Inspirational Swift comfortable with rising expectations
“John knew me from my Richmond days and he knew my parents were Irish. The initial plan was to come over and enjoy the west of Ireland for a couple of years. I was brought up in London so it is a world apart.
“I remember arriving and Mervyn Murphy was the first person to welcome me – Merv of course is involved with Ireland now – and show me the ropes.
“I don’t remember my first night in Galway. The next day the lads took me for a walk along the promenade in Salthill and from then onwards I fell in love with the place. It is a gorgeous part of the world, slightly windy and wet, but Connacht and Galway people are a very proud bunch. It is such a privilege to be welcomed into that family. Especially coming here with such a strong English accent. They took a while to warm to me but it is home now.”

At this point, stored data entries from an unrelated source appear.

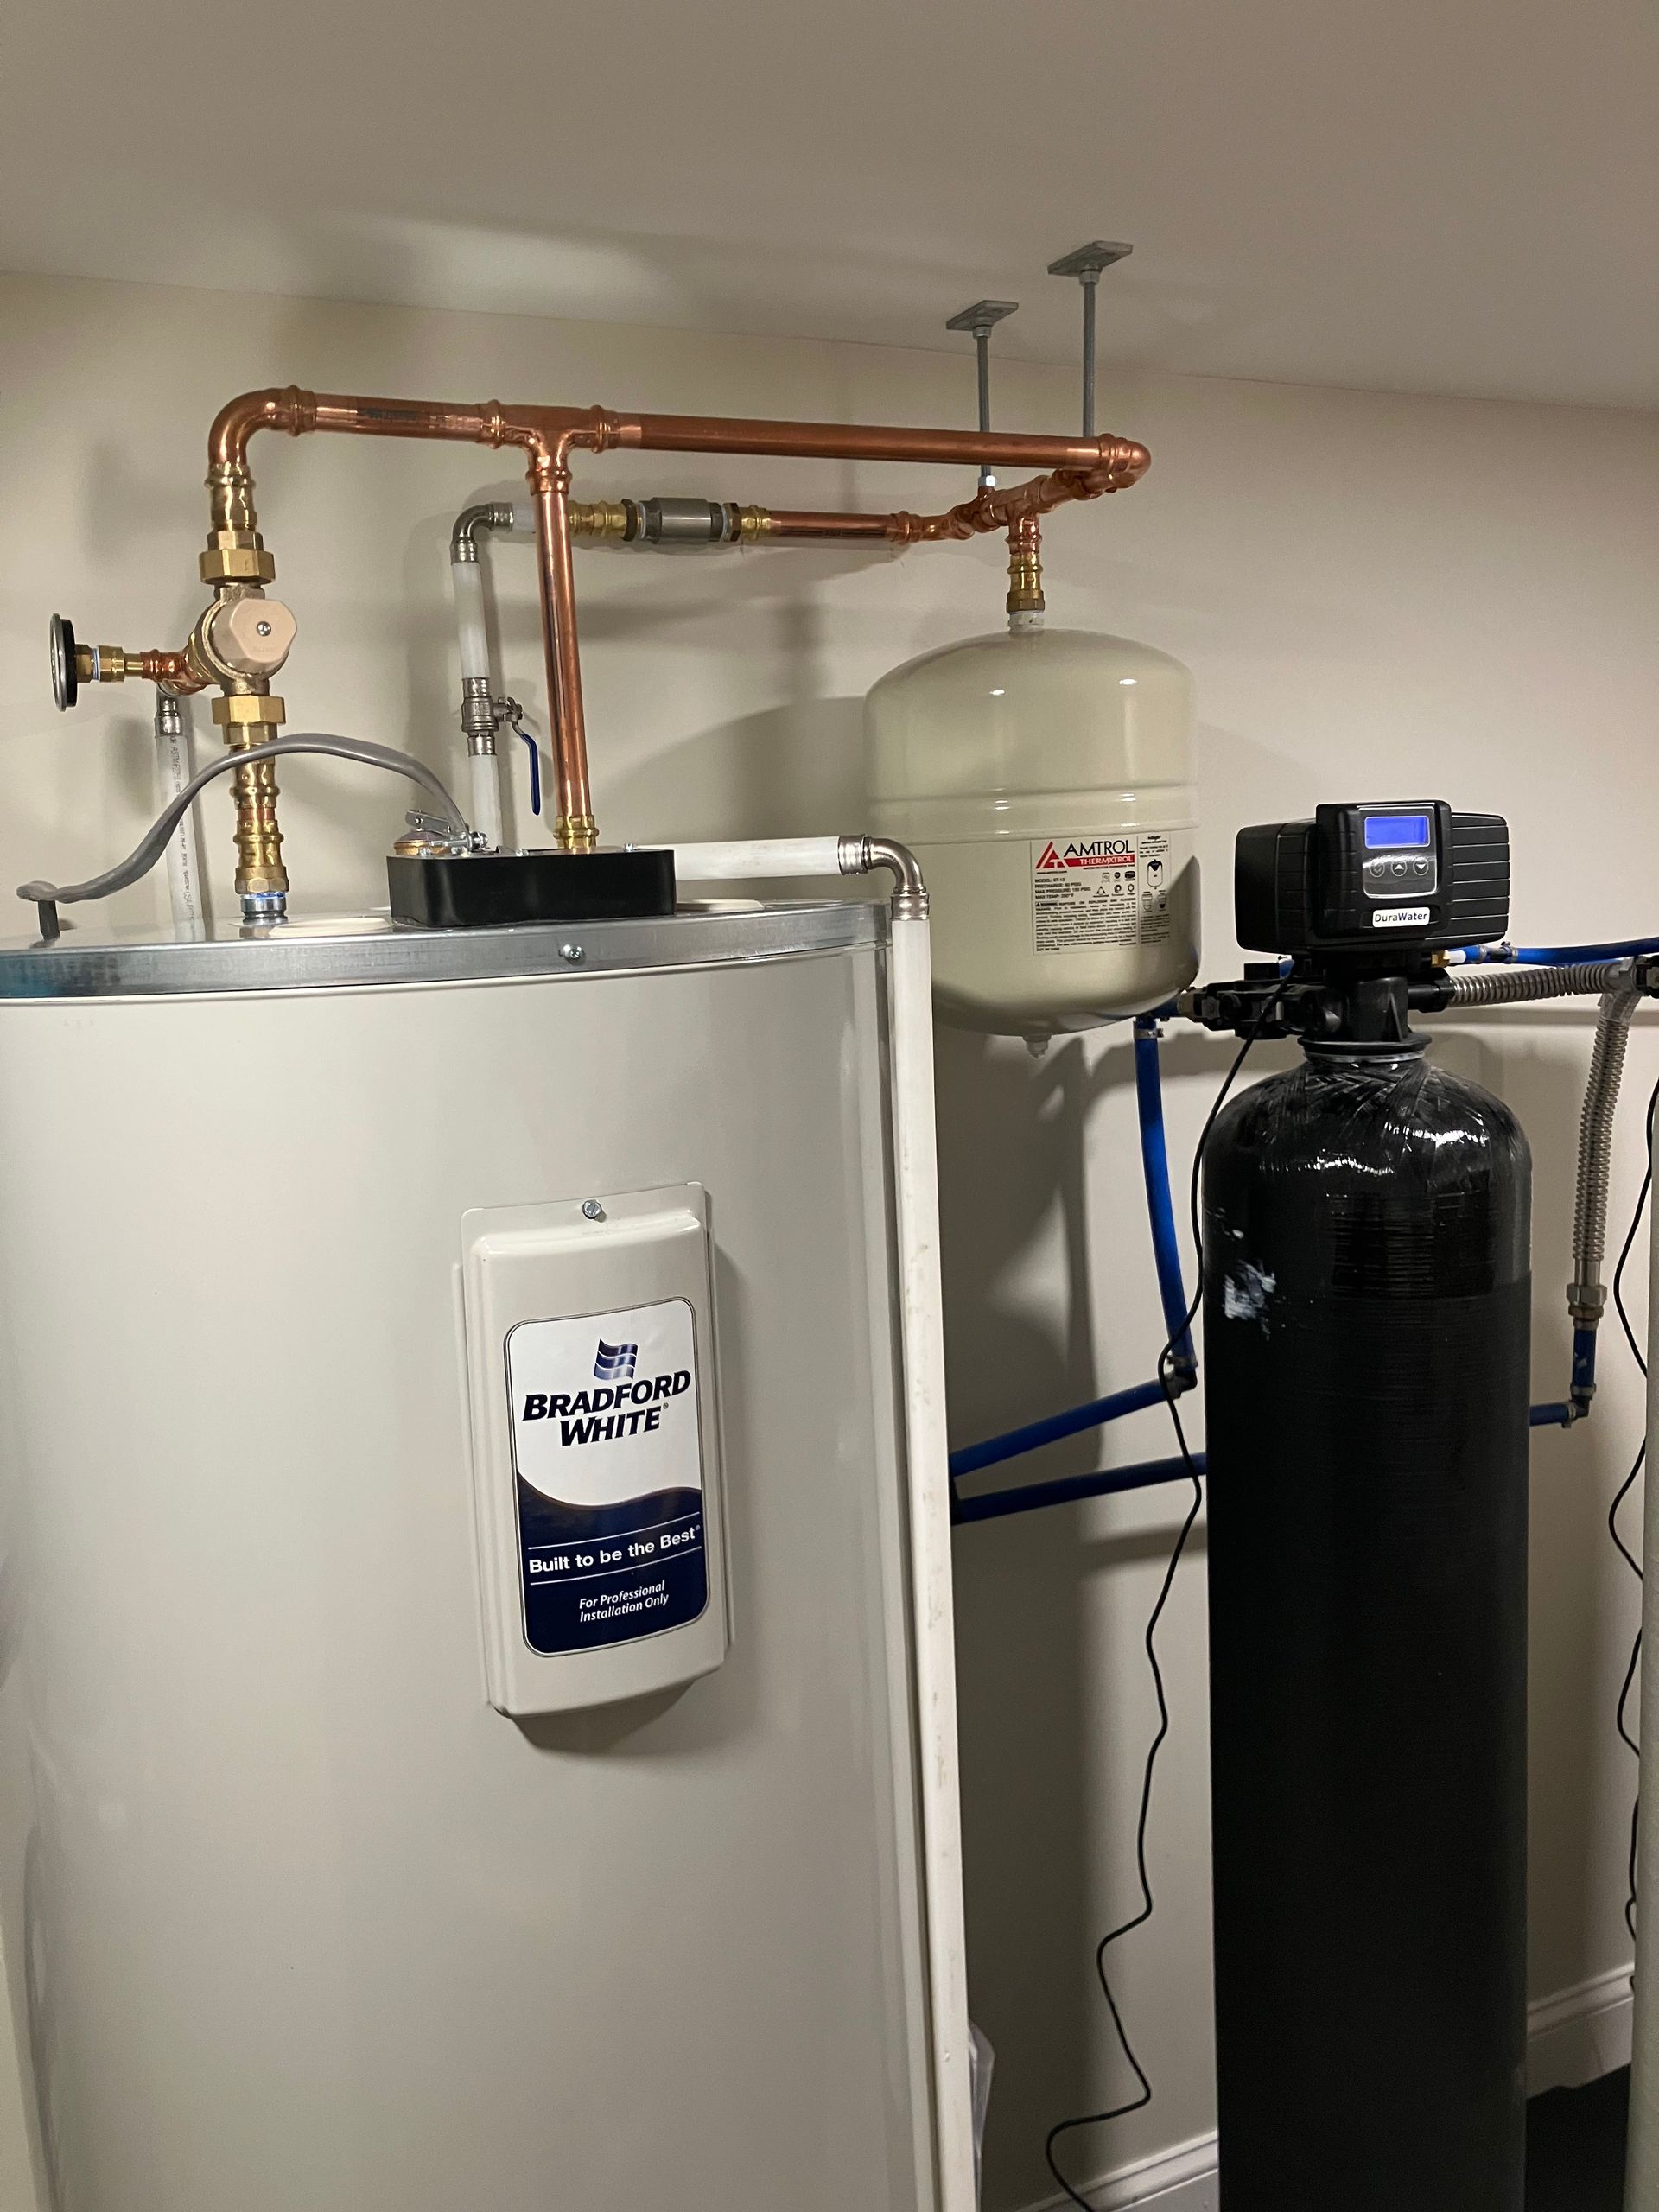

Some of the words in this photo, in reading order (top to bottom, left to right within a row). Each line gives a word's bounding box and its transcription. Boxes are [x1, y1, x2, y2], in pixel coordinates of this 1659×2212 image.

[1064, 840, 1135, 857] AMTROL
[1375, 912, 1427, 922] DuraWater
[522, 1370, 691, 1421] BRADFORD
[529, 1556, 570, 1573] Built
[575, 1554, 594, 1567] to
[599, 1549, 622, 1564] be
[627, 1542, 655, 1558] the
[578, 1598, 598, 1610] For
[600, 1579, 665, 1606] Professional
[579, 1600, 643, 1623] Installation
[645, 1593, 670, 1609] Only

What’s changed in Connacht since 2000?
“I remember turning up at my first ever session and there was about 15 players. It was an eye- opener. Eric was a player back then and he was shouting abuse at people for not turning up for training. It’s like comparing chalk and cheese to nowadays. Look at the players we have brought in this season like Dan Parks and Nathan White. We have had a strong 15 for the last few years if not a 22 or 23. The Heineken Cup games take huge toll on the bodies so we need a strong core to compete. That’s what has improved but we do need to keep building the depth of our squad.”

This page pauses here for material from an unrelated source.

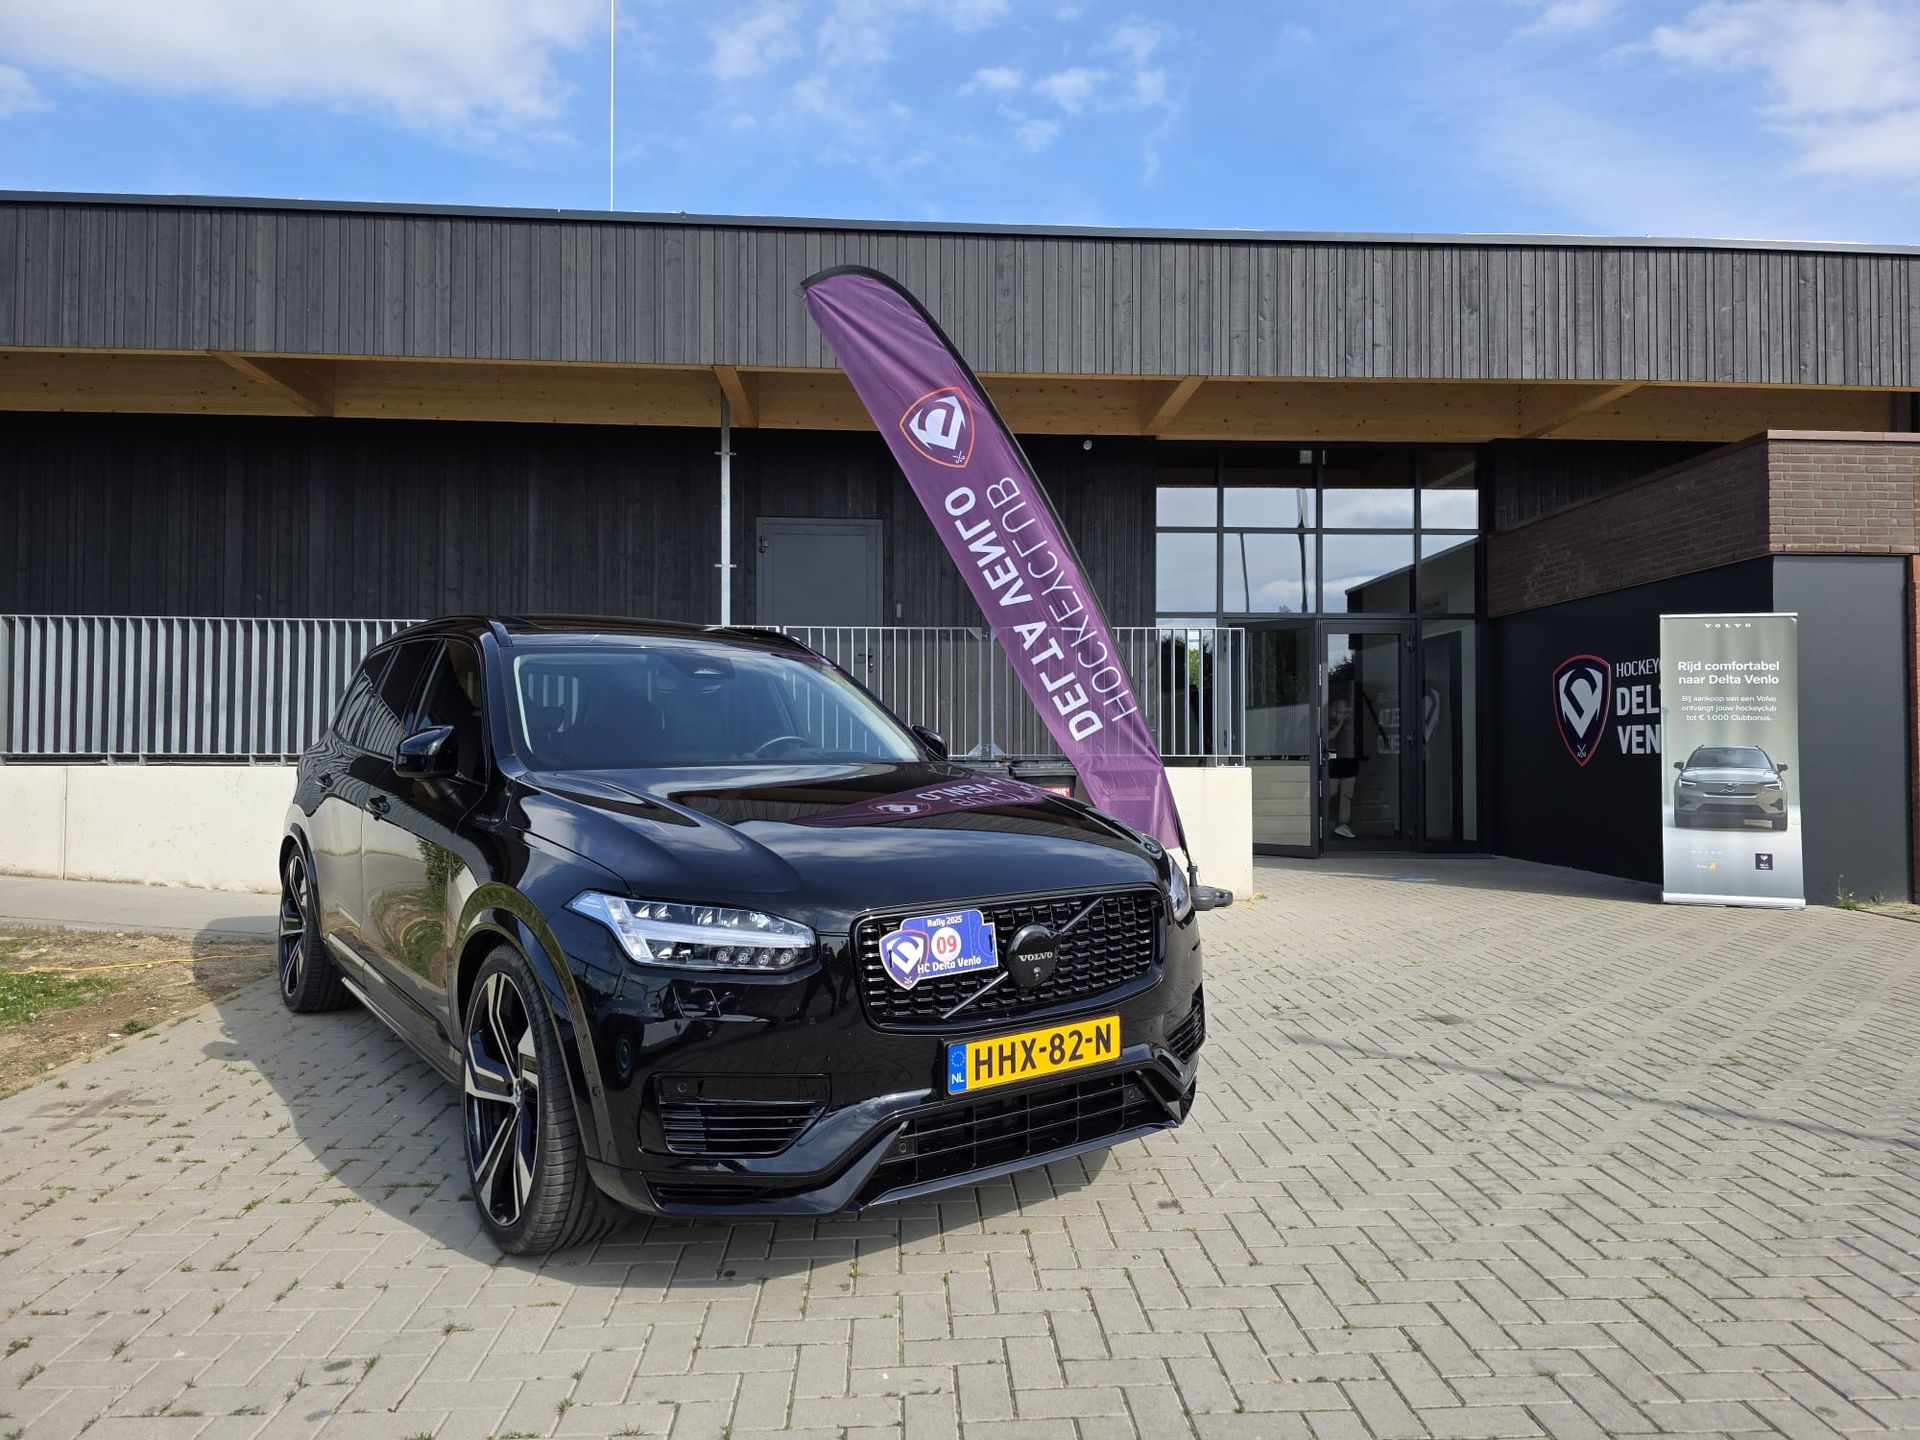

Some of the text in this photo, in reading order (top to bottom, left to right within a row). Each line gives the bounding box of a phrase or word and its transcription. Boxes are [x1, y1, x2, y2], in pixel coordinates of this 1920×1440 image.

The formation of a Professional Game Board and arrival of new chief executive Tom Sears has improved facilities, but what needs to happen next?
“In the Rabo we finished eighth last year. Top six is our goal. In the Heineken we managed to get that win over Harlequins but this year there are no surprises, people expect more from us and so do we.”
Another comment by Swift in The West’s Awake perfectly encapsulates what it means to be a rugby player who is paid weekly a fraction of what other top professional sportsmen earn.
“In order to put my body on the line week in, week out, it’s not for financial gain. It’s got to mean something to me personally.
“And for me it comes from the supporters. They may not see the pain we go through but every time we walk onto the pitch we carry that expectation. When you can look your friend in the eye, knowing you have given 100 per cent, and knowing you have carried the burden of expectation of all the supporters then you can’t ask any more than that.”